[[ Record set open ]]

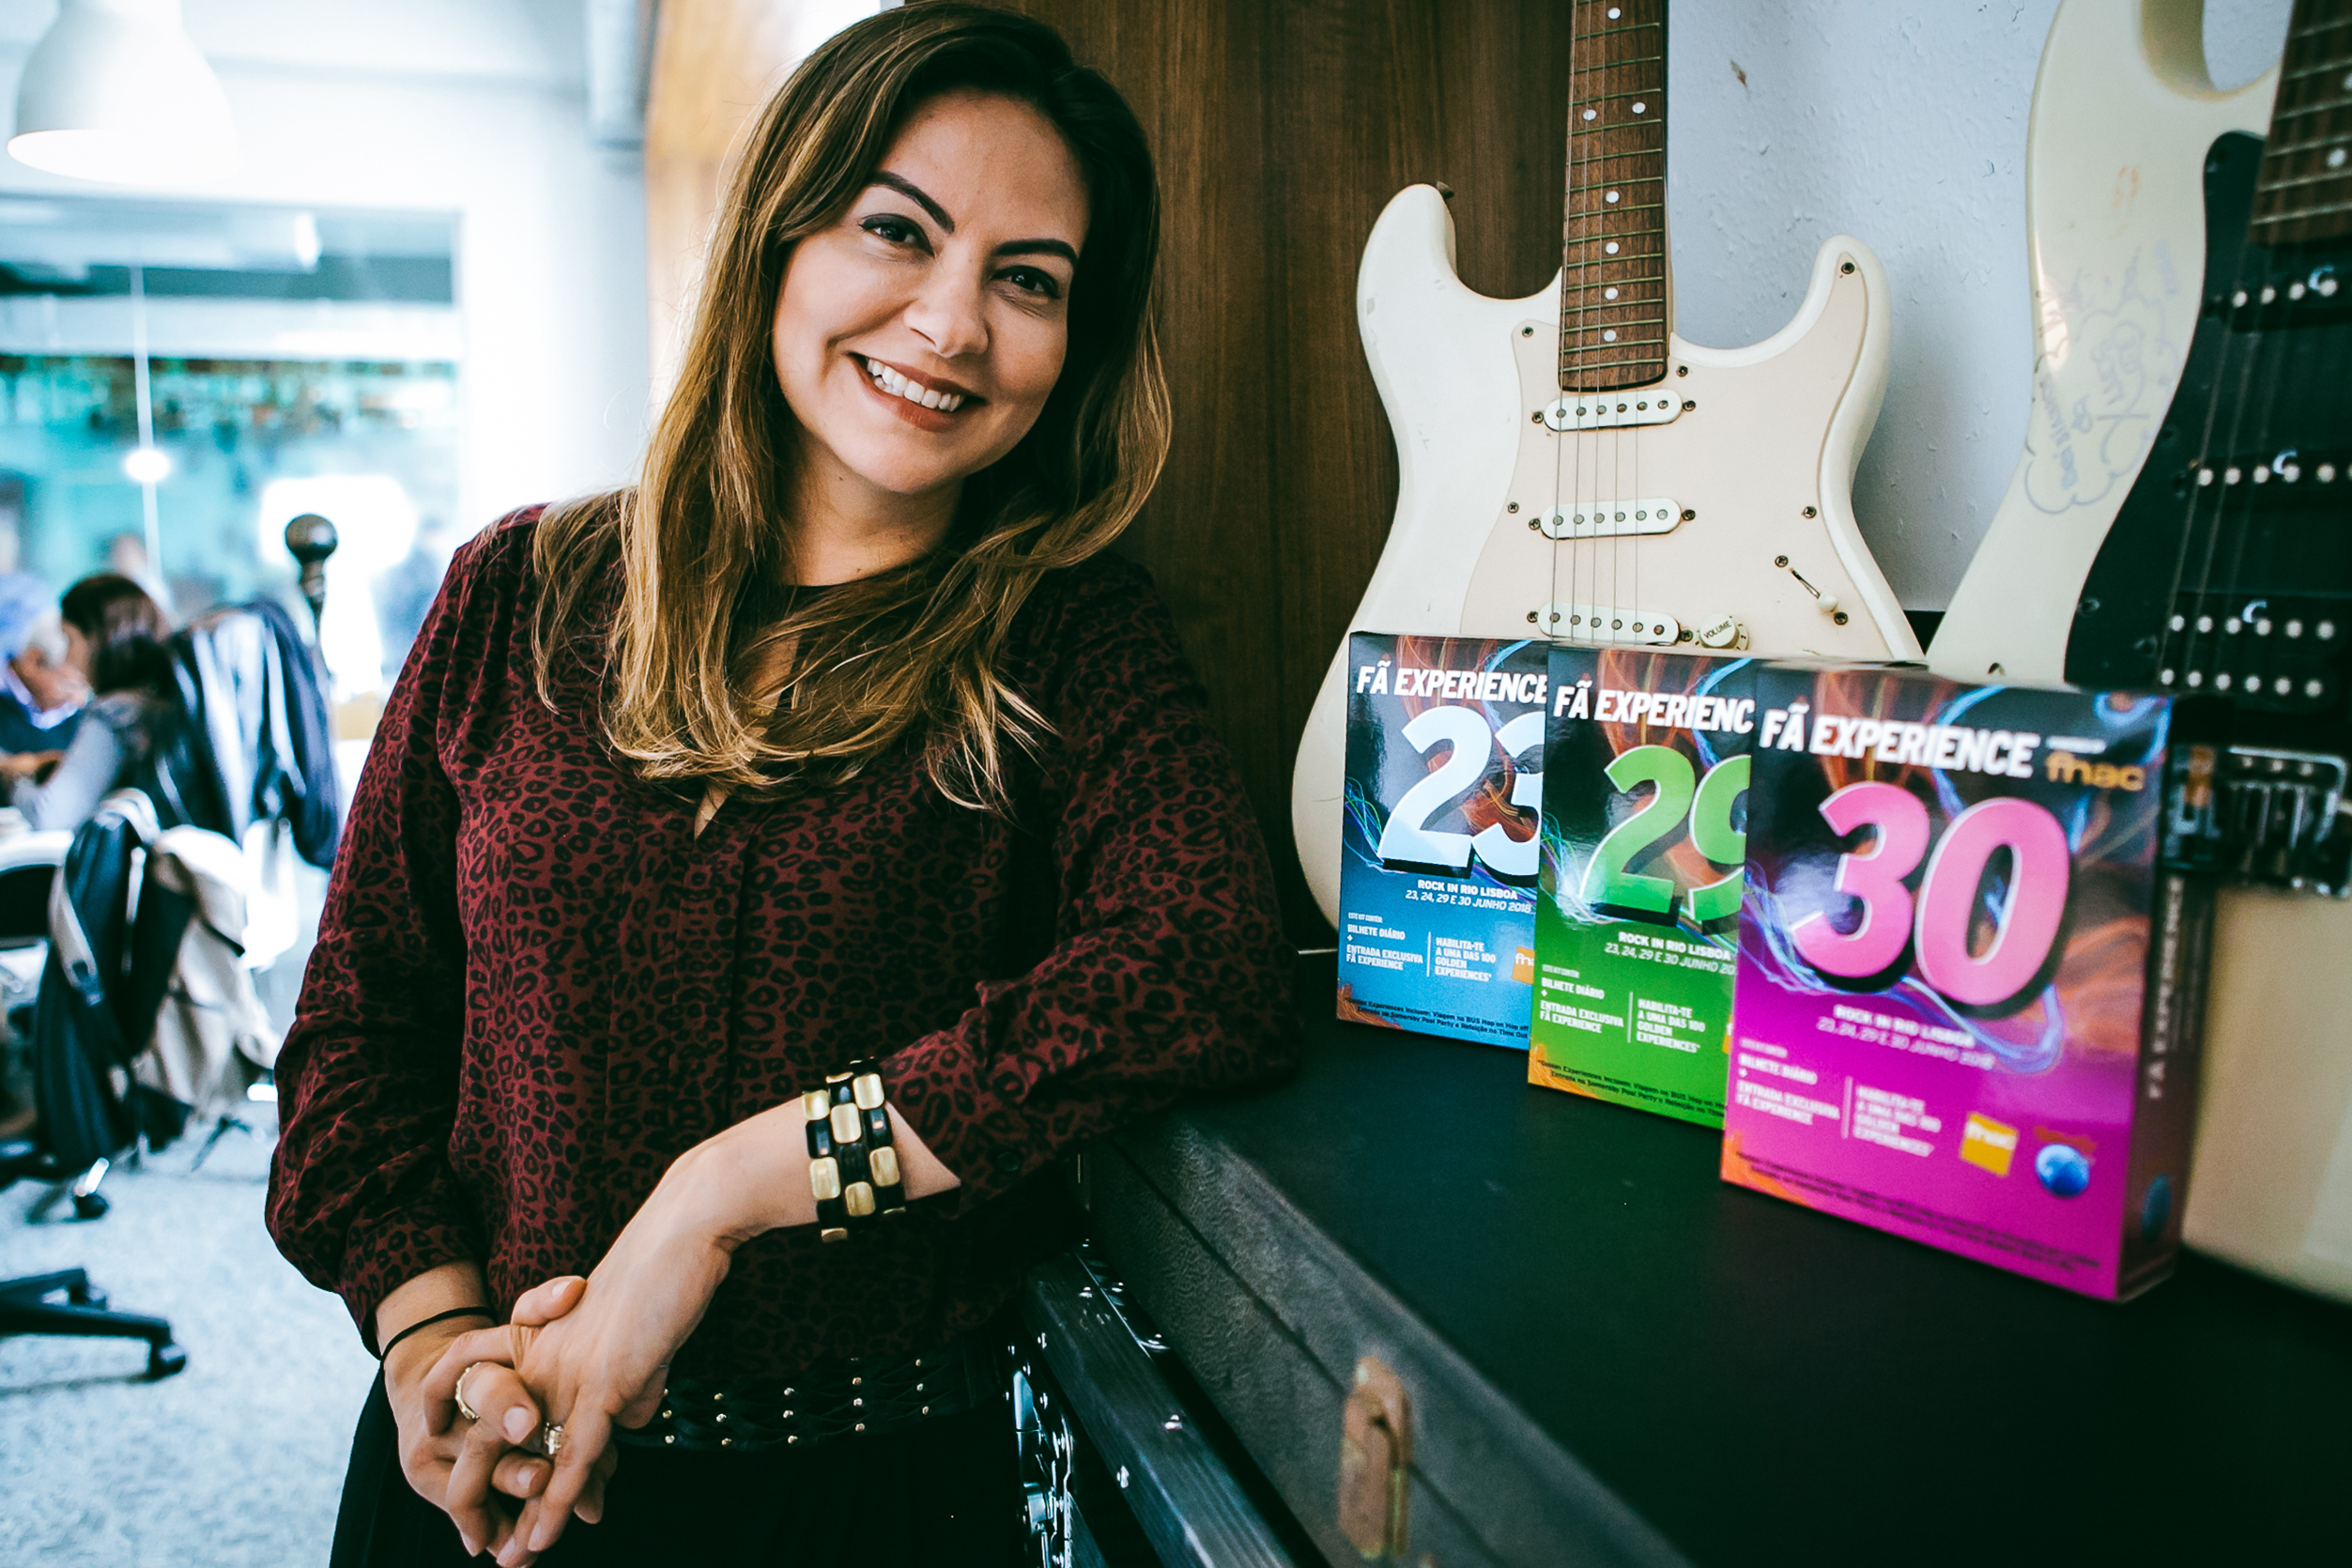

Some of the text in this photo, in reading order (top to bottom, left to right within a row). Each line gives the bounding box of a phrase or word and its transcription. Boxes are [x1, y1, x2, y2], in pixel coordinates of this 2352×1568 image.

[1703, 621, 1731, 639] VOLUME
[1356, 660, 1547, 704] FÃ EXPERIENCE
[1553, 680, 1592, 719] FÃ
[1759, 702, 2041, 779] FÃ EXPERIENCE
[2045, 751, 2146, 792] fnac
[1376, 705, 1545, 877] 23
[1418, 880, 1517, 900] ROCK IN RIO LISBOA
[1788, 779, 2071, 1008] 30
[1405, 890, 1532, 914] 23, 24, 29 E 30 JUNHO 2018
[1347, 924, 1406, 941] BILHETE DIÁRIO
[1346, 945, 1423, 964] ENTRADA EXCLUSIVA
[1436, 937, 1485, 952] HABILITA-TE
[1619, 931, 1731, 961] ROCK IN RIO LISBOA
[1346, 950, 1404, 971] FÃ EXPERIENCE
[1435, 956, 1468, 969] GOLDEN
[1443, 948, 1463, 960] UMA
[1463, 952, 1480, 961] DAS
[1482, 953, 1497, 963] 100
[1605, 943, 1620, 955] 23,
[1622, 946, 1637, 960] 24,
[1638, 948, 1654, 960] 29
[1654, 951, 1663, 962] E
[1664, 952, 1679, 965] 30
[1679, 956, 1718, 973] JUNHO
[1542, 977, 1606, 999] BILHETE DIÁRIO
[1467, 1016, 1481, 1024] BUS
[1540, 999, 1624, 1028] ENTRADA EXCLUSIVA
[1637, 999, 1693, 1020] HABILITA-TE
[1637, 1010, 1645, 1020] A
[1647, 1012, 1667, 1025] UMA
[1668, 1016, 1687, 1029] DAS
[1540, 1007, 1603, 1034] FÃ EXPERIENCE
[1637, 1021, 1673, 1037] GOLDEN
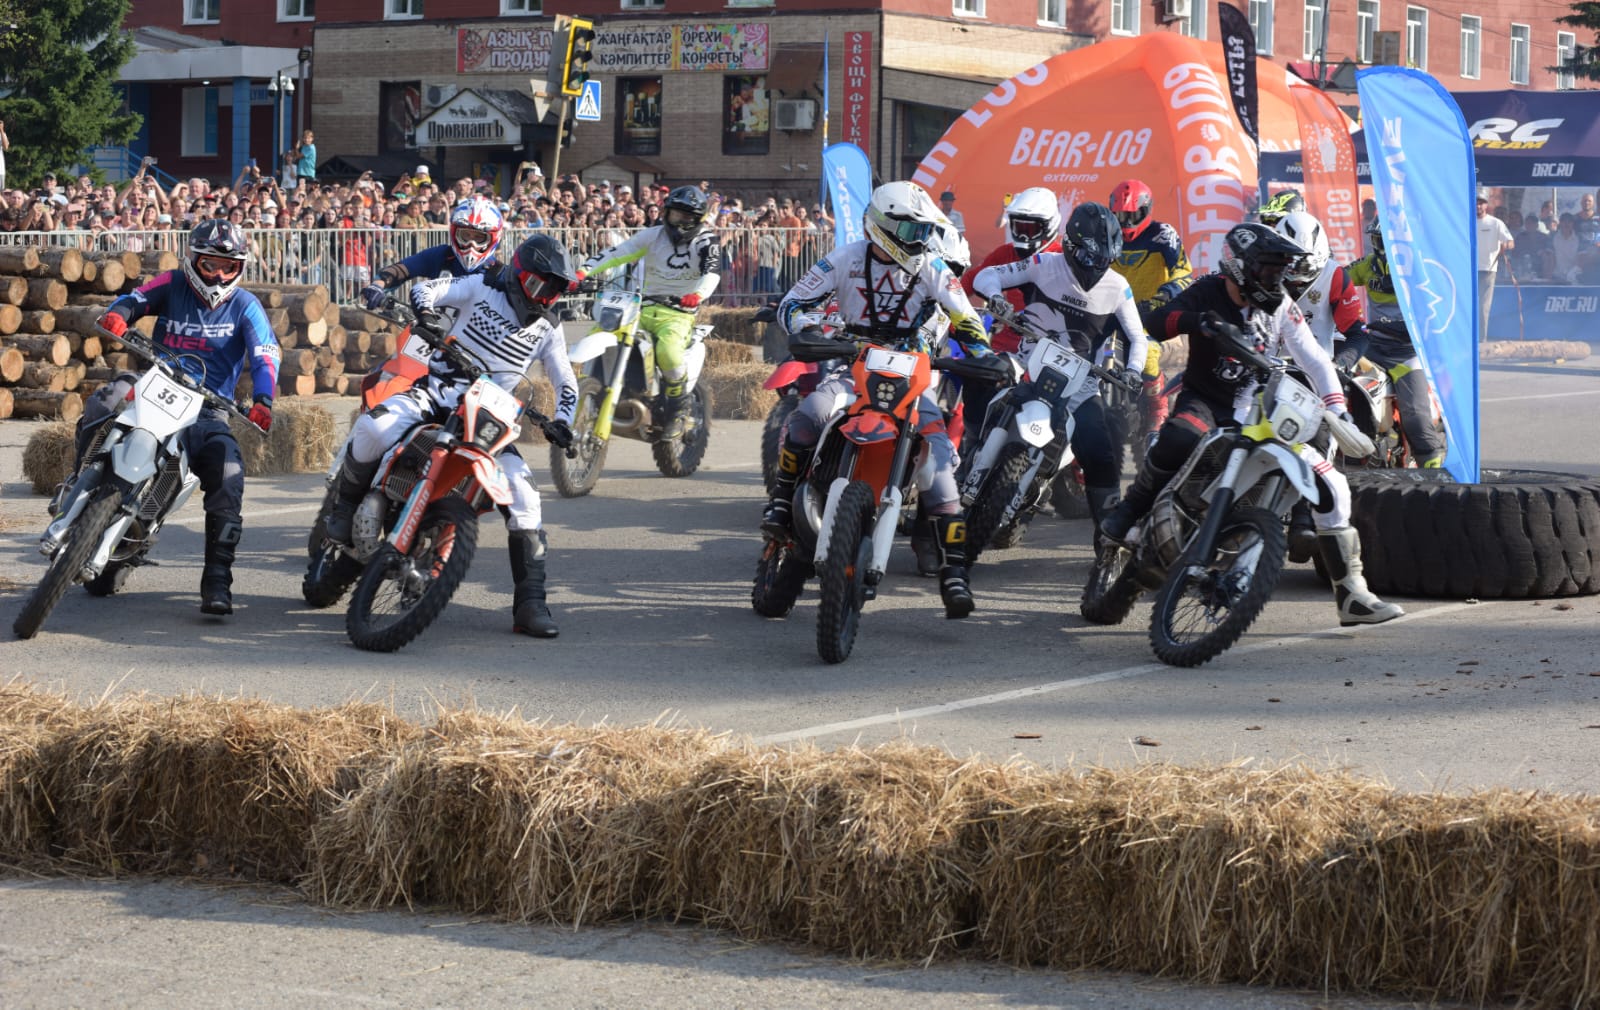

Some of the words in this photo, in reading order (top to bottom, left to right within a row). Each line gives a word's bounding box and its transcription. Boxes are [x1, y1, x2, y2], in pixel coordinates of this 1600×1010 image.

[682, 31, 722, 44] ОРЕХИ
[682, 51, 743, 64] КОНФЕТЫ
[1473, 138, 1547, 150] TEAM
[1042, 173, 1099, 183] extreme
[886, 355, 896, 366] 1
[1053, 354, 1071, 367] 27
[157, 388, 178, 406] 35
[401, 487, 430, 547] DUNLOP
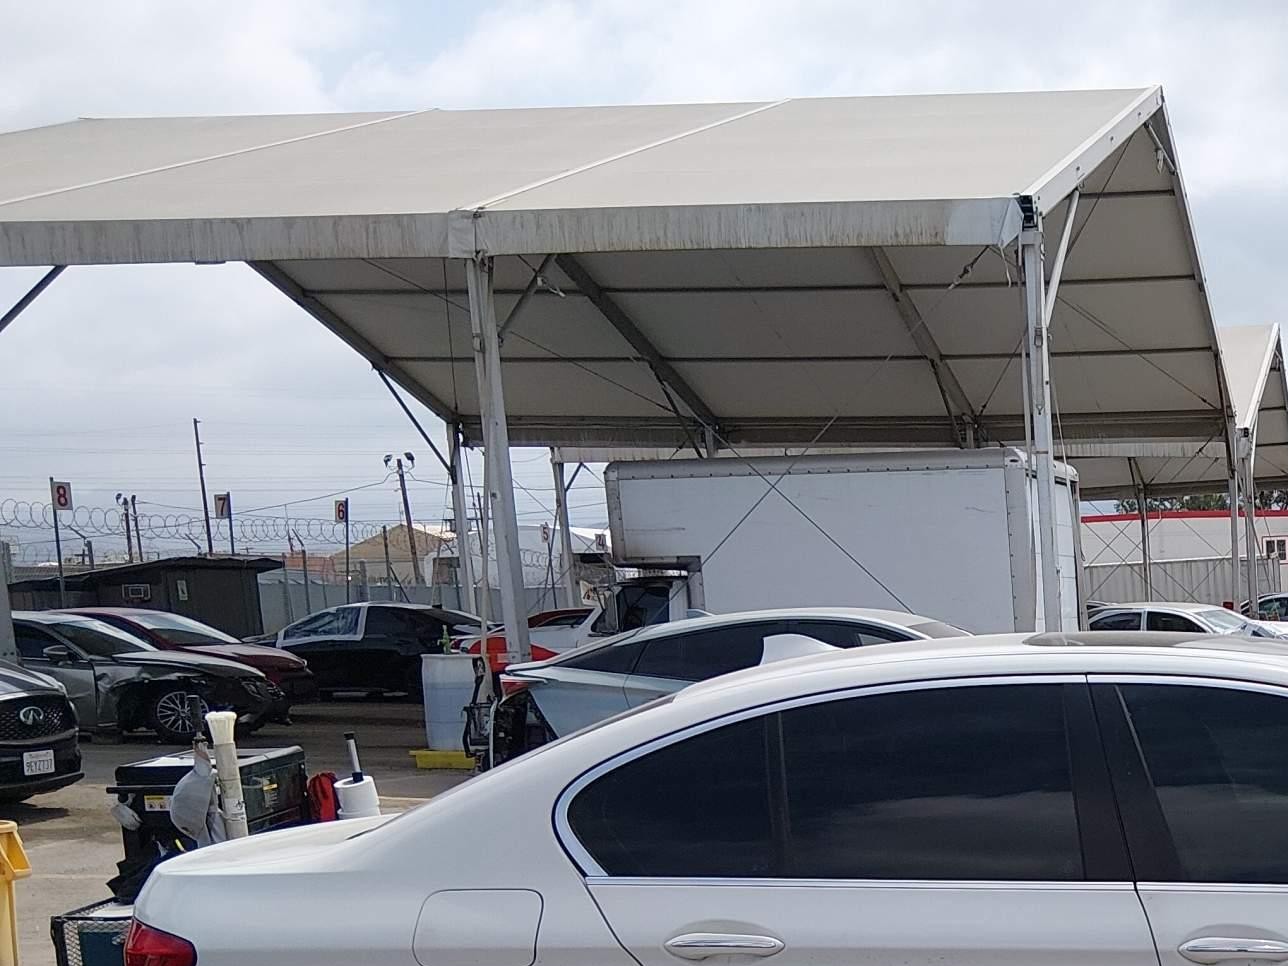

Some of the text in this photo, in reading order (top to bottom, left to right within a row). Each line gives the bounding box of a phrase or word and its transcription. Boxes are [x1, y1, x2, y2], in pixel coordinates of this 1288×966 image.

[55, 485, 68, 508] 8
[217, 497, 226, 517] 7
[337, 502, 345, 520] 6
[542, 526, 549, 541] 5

[[ Record set closed ]]

| Problem requirements |
The required output is the line containing "Some of the words" plus every line after it to the end of the data, copied exactly and with no pictures.

| Output of the task |
Some of the words in this photo, in reading order (top to bottom, left to right within a row). Each line gives a word's bounding box and its transcription. Boxes are [x1, y1, x2, y2], in pixel coordinates of this 1600×1010 image.

[682, 31, 722, 44] ОРЕХИ
[682, 51, 743, 64] КОНФЕТЫ
[1473, 138, 1547, 150] TEAM
[1042, 173, 1099, 183] extreme
[886, 355, 896, 366] 1
[1053, 354, 1071, 367] 27
[157, 388, 178, 406] 35
[401, 487, 430, 547] DUNLOP

Some of the text in this photo, in reading order (top to bottom, left to right within a row). Each line gives the bounding box of a phrase or word and its transcription. Boxes are [x1, y1, x2, y2], in pixel coordinates of this 1288×966 image.

[55, 485, 68, 508] 8
[217, 497, 226, 517] 7
[337, 502, 345, 520] 6
[542, 526, 549, 541] 5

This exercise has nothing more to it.